Et, pouvez-vous imaginer que l'on puisse confondre des amas en
interactions tels ceux qui sont illustrés dans les figures 6-9 et
6-10 avec des impressions défectueuses ? Son travail n'a pas été
réfuté, cependant, six ans plus tard le résultat ainsi que son
auteur se sont rétractés. Certaines parmi les personnes ayant
cautionner ce chercheur appartenaient au comité qui allouait le
temps d'observation télescopique et ont critiqué mes travaux et précipité
le refus de mon temps d'observation à Palomar".
Latham dit avoir été fasciné par l'idée qu'une mauvaise
interprétation des défauts d'impression ait pu conduire à
refuser à Arp son temps d'observation télescopique. Voyons comment
la littérature documenta cet épisode.
La réfutation à laquelle
Arp se réfère est l'article publié par Jack Sulentic[18]
en 1983. Sulentic demanda à deux assistants d'examiner les copies
papier des plaques du POSS
à la recherche de quartettes compacts de galaxies similaires aux trois
fameux amas cités plus précédemment présentant des redshifts anormaux.
Pour un total de zones examinées semblable à celui scanné par Rose, les
assistants ont identifié 42 quartettes, contre 33 pour Rose. Cependant, Sulentic prétendait que
31 des 42 candidats devaient être rejetés parce qu'ils n'étaient
pas équivalents au fameux trio. Les raisons de ces rejets étaient
multiples (trio non isolé, trop pâles, taille discordante,
galaxies, défaut d'impression, etc., comme mentionné dans la Table
3. Il réanalysa également les amas compacts candidats identifiés
par Rose et conclut que seulement 9 parmi les 33 candidats étaient
acceptés sans ambiguïté. Il rejeta les autres (pâleur,
marginalité, plus de 3 bras spiraux, etc.).
Sulentic
réduit encore le nombre de quartettes similaires au
fameux trio "en excluant tous les quartettes qui ne sont
manifestement pas en interactions dans les quartettes choisi [...]
cela donne un facteur 10 fois inférieur à l'estimation originale
de Rose." Sulentic ne pousse pas plus loin la signification de
ce qu'il entend par "manifestement en interaction".

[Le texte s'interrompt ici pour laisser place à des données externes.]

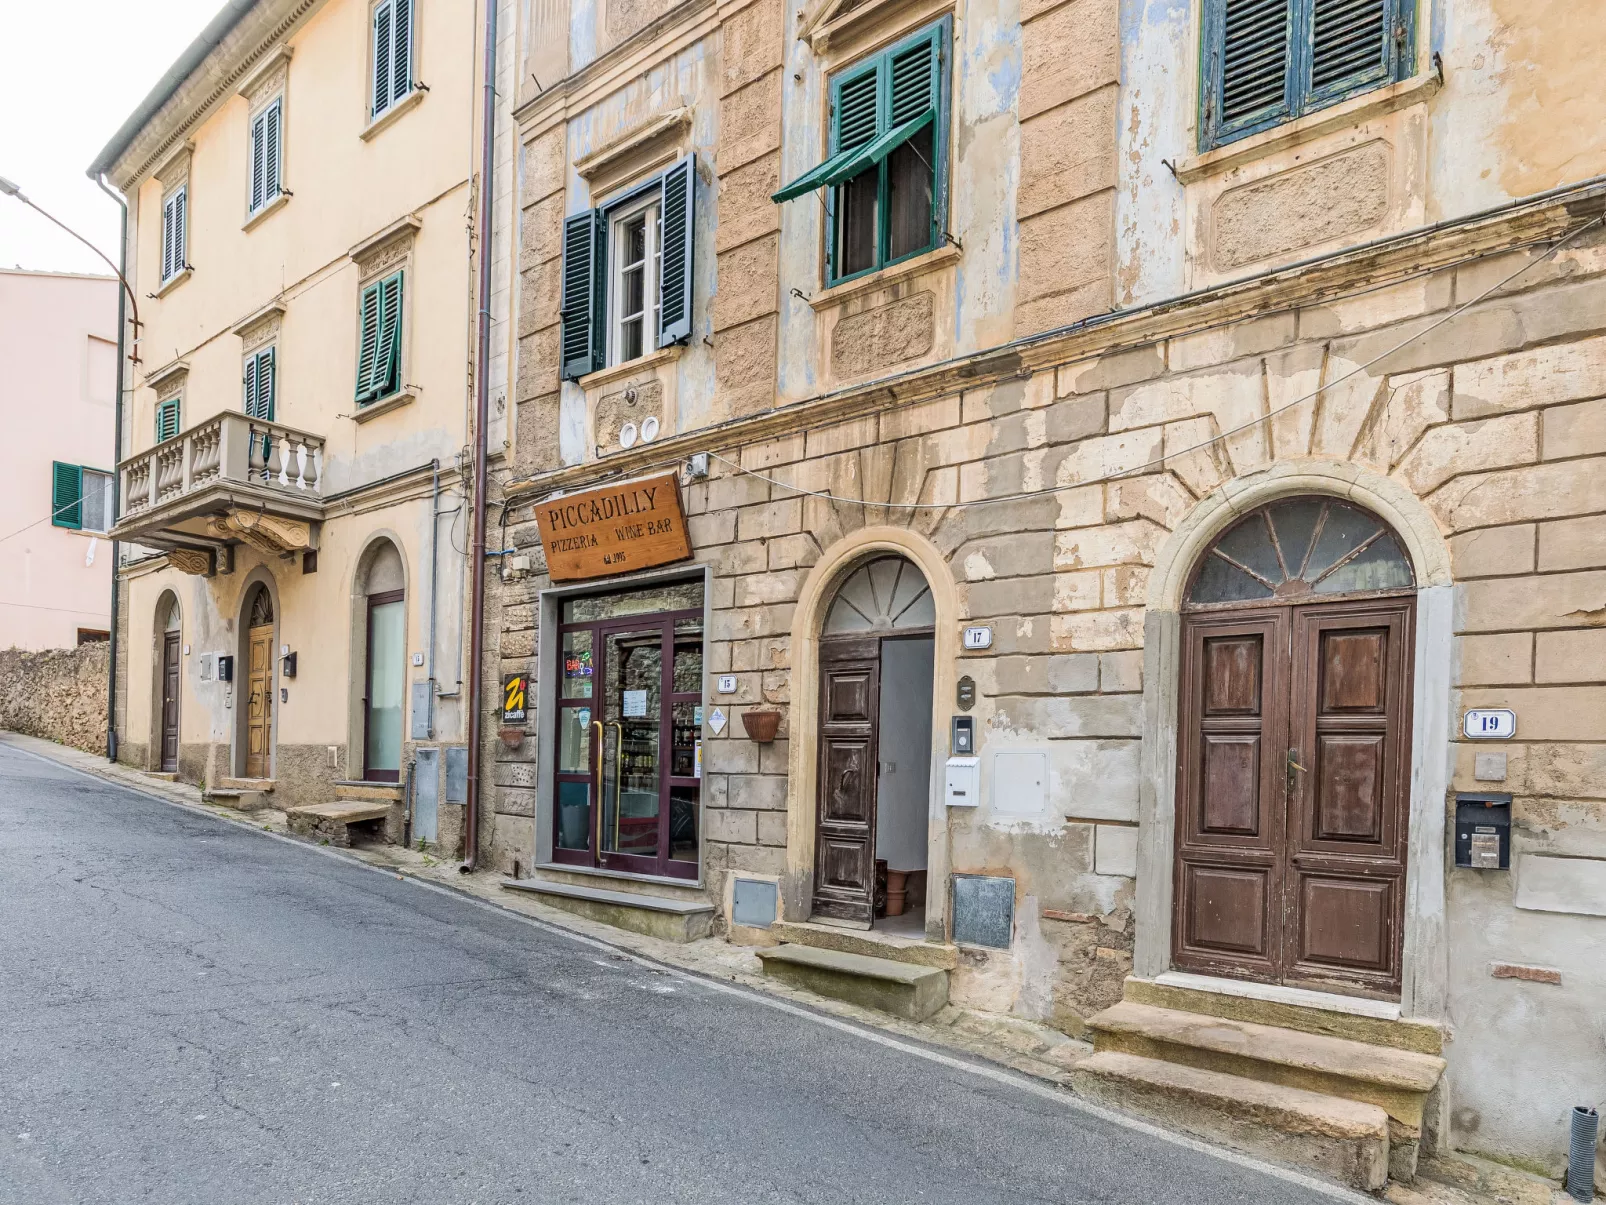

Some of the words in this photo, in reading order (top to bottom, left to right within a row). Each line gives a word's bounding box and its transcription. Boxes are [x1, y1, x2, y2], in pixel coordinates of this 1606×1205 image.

Il n'y a dans cet article qu'une seule mention du "défaut
d'impression" (print flaw) et elle est utilisée pour rejeter
l'un des propres candidats d'amas de Sulentic. Il n'est fait nulle
part mention de l'influence des défauts d'impression sur le travail
de Rose.
Dans
mon esprit conclut Latham, la plus sérieuse critique
que l'on puisse faire au travail de Rose est d'avoir présumé que
tous les cas de redshifts anormaux avaient été trouvés. Cette présomption
est prématurée (et presque indubitablement fausse) jusqu'à ce
qu'un relevé complet des redshifts de tous les membres de tous les
quartettes et quintettes soient identifiés dans un échantillon homogène.
Apparemment,
ce sérieux vice dans l'argumentation a été reconnu
par d'autres, notamment par un étudiant, Paul Hickson[19]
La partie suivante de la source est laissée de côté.